At the compute level, most traditional AI chips are costly and power-hungry, limiting adoption. However, newer generation chips like GPUs, ASICs, and AI inferencing chips are seeing growing demand as they are optimized for diverse workloads, reducing costs, and improving energy efficiency. By decade end, it’s expected that the AI processor market will approach $496 billion, up from $68.6 billion in 2023.9 GPUs are expected to continue capturing most of this spending, growing at a 31% CAGR, benefiting top providers like Nvidia and AMD. However, custom accelerators and ASICs, such as Google’s tensor processing units (TPUs), are also gaining momentum and are projected to grow at a 40% CAGR during the period.10
Driven by these advancements in AI chips and the supporting hardware ecosystem, U.S. data center construction continues to reach new records. For FY 2024, data center construction in primary U.S. markets was expected to have reached an estimated 3.5 gigawatts (GW), up from 0.5 GW in 2020.11 Globally, hyperscale data centers topped 1,000 in 2024, with over half residing in the U.S. Hyperscale capacity is now also doubling every four years as cloud giants intensify their AI efforts.12
This rising data center demand and subsequent capacity crunch is serving as a strong tailwind for existing data center providers, as they can price their services at greater premiums. For example, existing colocation-based data center vacancy rates in primary U.S. markets reached record lows of 2.8% in 2024 and, as a result, asking rental rates for U.S. data centers reached 10-year highs of $163/kilowatt in 2024 and are expected to have grown 13% YoY for the full year 2024. 13,14,15
Demand for Accelerated Computing Expands Beyond Data Centers and Generative AI
As the AI infrastructure buildout progresses, advancements in AI and accelerated computing are likely to drive specific boosts to a handful of industries far beyond the data center. For example, autonomous applications like self-driving vehicles, robotics, and drones are likely to be key beneficiaries. Similarly, medical research stands to benefit as drug discovery and genomics utilize accelerated computing for complex calculations.
Consumer devices with on-device AI capabilities are also likely to see accelerated adoption. Features like native AI assistants in smartphones, wearables, and IoT devices enable real-time intelligence at the edge, unlocking new use cases for everyday users, which could spur a personal device upgrade cycle and boost smartphone sales. Advanced cellular networks, such as 5G and beyond, which are foundational to AI’s scalability, are also likely to see upgrades.

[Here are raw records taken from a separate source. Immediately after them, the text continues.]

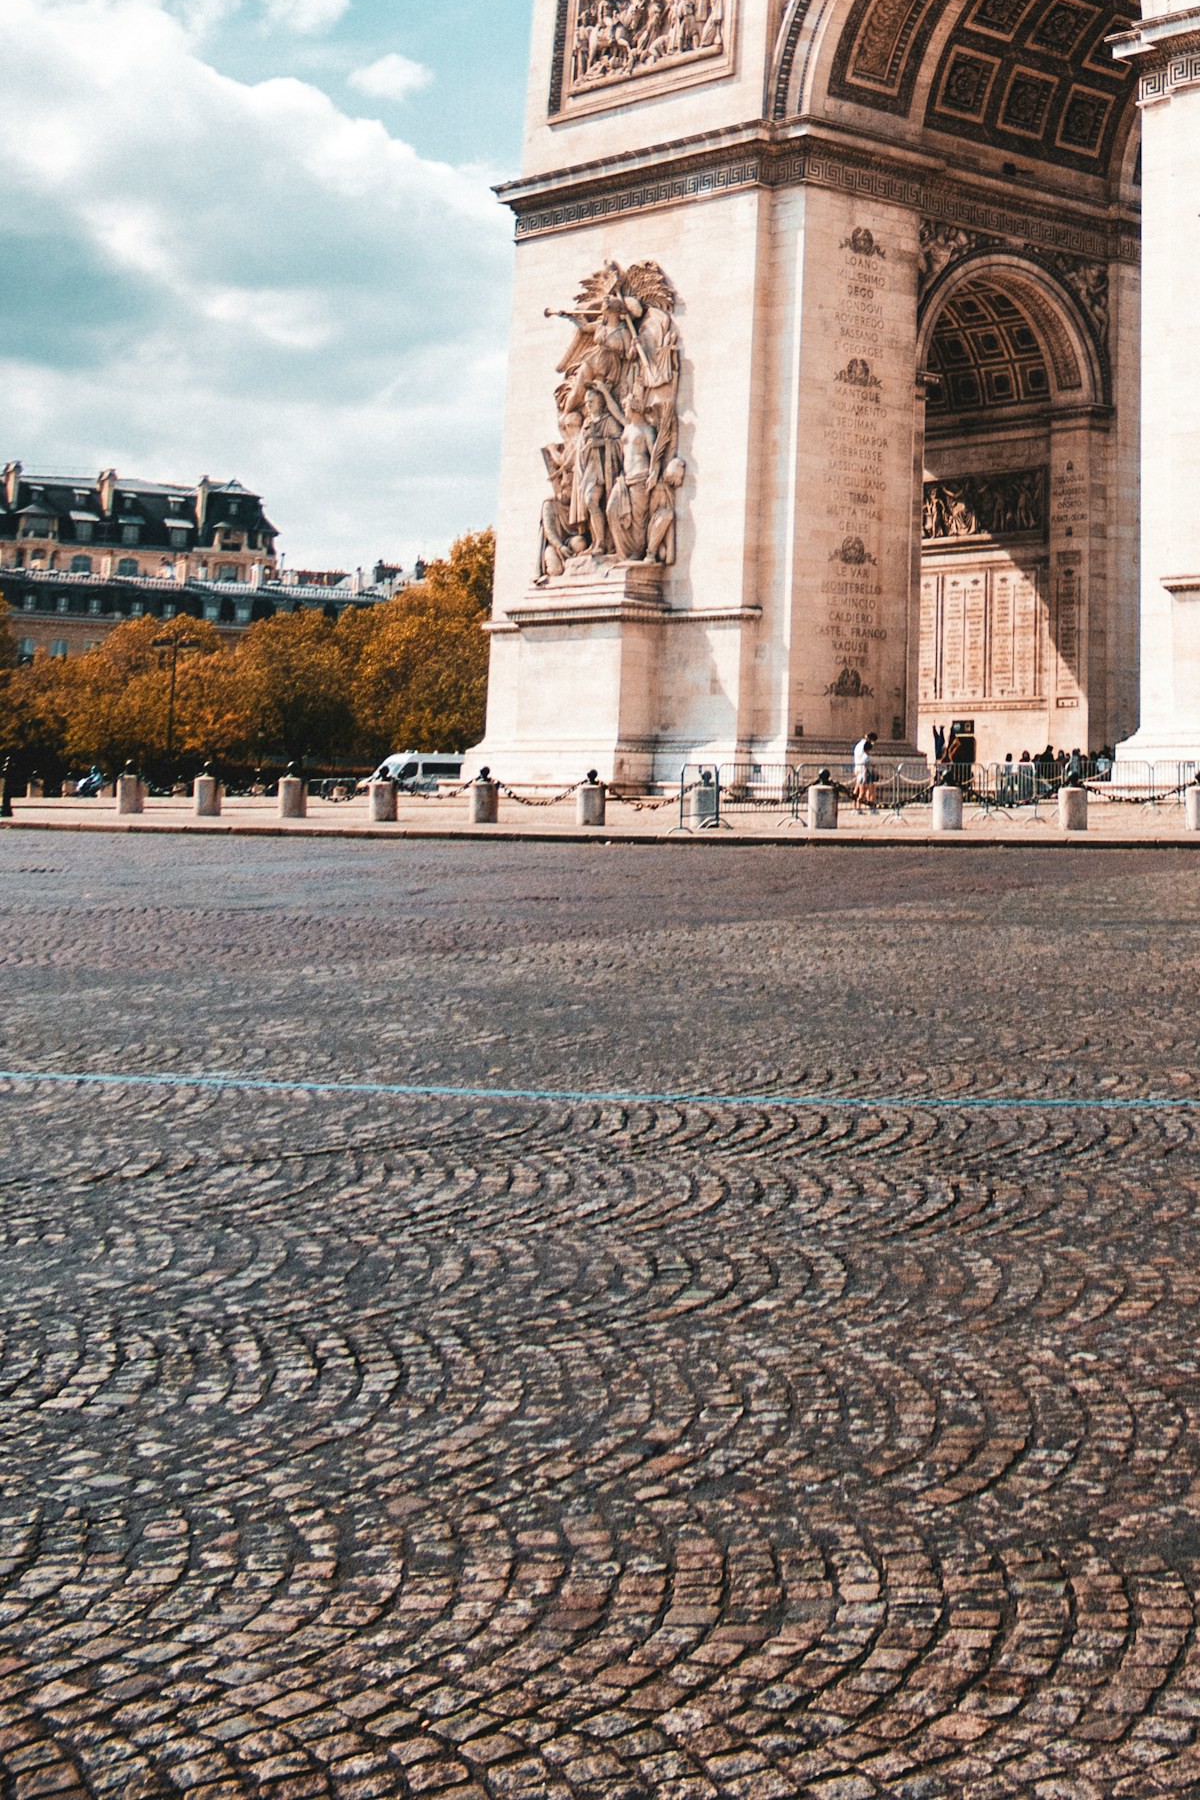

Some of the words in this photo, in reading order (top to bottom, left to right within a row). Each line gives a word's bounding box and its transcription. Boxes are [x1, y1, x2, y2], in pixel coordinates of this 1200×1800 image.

[845, 255, 879, 271] LOANO
[838, 269, 886, 287] MILLESIMO
[847, 284, 875, 299] DEGO
[834, 311, 885, 330] ROVEREDO
[840, 326, 879, 343] BASSANO
[842, 342, 884, 359] GEORGES
[834, 387, 881, 404] MANTOUE
[837, 416, 878, 431] SEDIMAN
[854, 434, 889, 449] THABOR
[837, 566, 847, 577] LE
[850, 567, 870, 579] VAR
[821, 580, 882, 596] MONTEBELLO
[827, 596, 838, 606] LE
[840, 597, 876, 610] MINCIO
[829, 611, 874, 624] CALDIERO
[850, 627, 888, 641] FRANCO
[832, 640, 870, 654] RAGUSE

These networks are critical to delivering the low latency and high bandwidth required for real-time AI processing and interactive experiences.
Conclusion: Automation Age Needs Extensive Digital Infrastructure Upgrade
Major advancements in AI-optimized hardware, such as next-generation GPUs, computer processing units (CPUs), and accelerators are enabling more powerful and efficient large language models. This is driving a rapid evolution in the data center industry, where providers are investing in capacity expansion and infrastructure upgrades, as well as meeting increased power and energy demands to manage growing AI workloads. Modernized AI infrastructure is critical to fostering the widespread adoption of generative AI applications across industries. The benefits extend beyond data centers, with AI integration also enhancing autonomous applications, cellular infrastructure, Internet of Things (IoT) devices, and consumer electronics.